The Quarterdeck

an-sqbridge-wolfAnyone who has worked with me knows that, given the choice between sitting and standing, I often prefer to stand. I’m effectively a bipedal horse –– though far less handsome than an equine, obviously. I’m not sure how my strange habit came about, but wherever it began, it clearly influenced the bridges of Defense Command warships.

I’m still digging through old files as background work for Black Sun, and I just came across this magnificent mock-up produced by Wes Prewer in 2007. If you’ve ever wondered what a DC bridge looks like –– its open space, three banks of consoles, and massive screens –– here you go. A tiny version of this image used to be on defensecommand.net, but it was never posted at full resolution.
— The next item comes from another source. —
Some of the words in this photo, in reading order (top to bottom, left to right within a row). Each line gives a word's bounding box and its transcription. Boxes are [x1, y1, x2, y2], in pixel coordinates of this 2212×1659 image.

Notice that commanding officers are expected to stand, and only to use their chairs (almost invisible in the picture, just in front of the Operations consoles) when absolutely necessary. Officially, this is because Defense Command adopted some of its naval doctrine from the Nelsonian tradition –– Captains were ‘walking their quarterdecks’, not ‘sitting on their bridges’.

In reality, it’s probably because I prefer to stand and pace, particularly when I’m under stress. And apparently, if I’m standing, everyone has to be. Because I’m petty.
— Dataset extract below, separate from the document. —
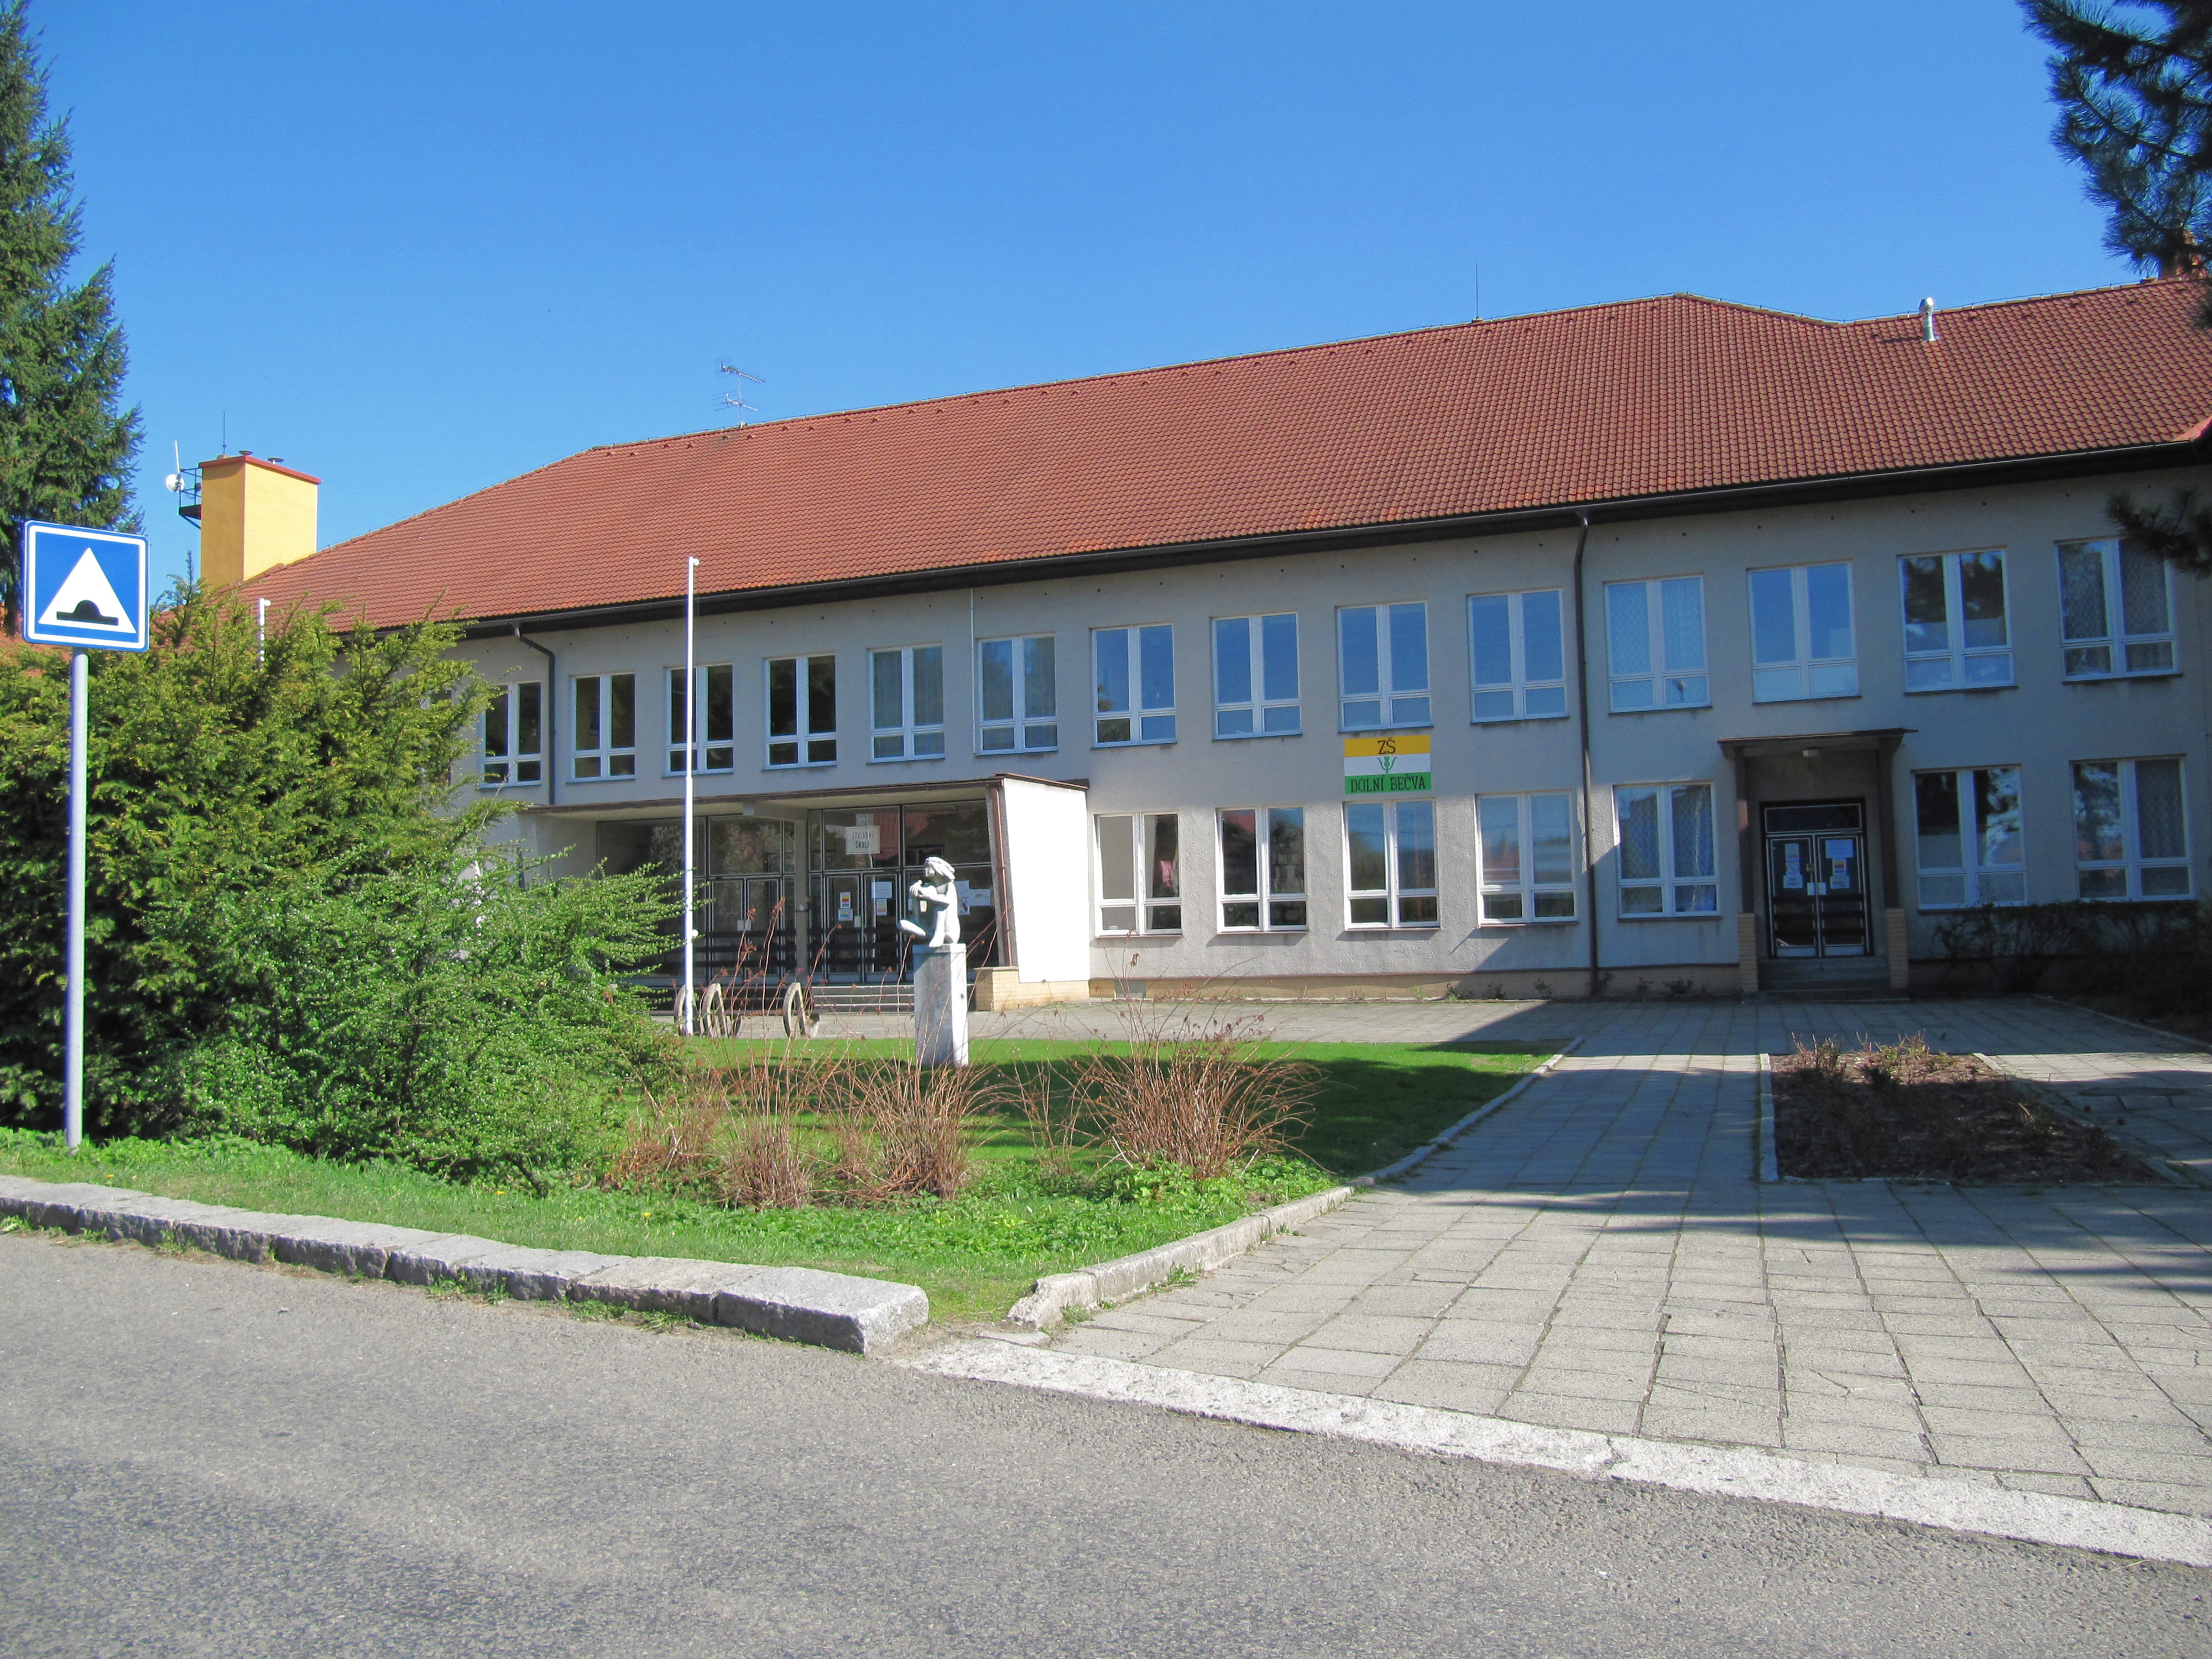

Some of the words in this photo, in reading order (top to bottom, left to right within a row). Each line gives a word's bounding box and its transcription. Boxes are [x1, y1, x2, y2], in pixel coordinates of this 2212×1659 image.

Helm and Navigation section to the left, Sensors and Communications section to the right, and Operations section to the rear (note the disapproving air around Matt Baxter). Confusingly, Beckett Lupus seems to be the face of WolfNet… crossover? Nah, surely just coincidence.
Helm and Navigation section to the left, Sensors and Communications section to the right, and Operations section to the rear (note the disapproving air around Matt Baxter). Confusingly, Beckett Lupus seems to be the face of WolfNet… crossover? Nah, surely just coincidence.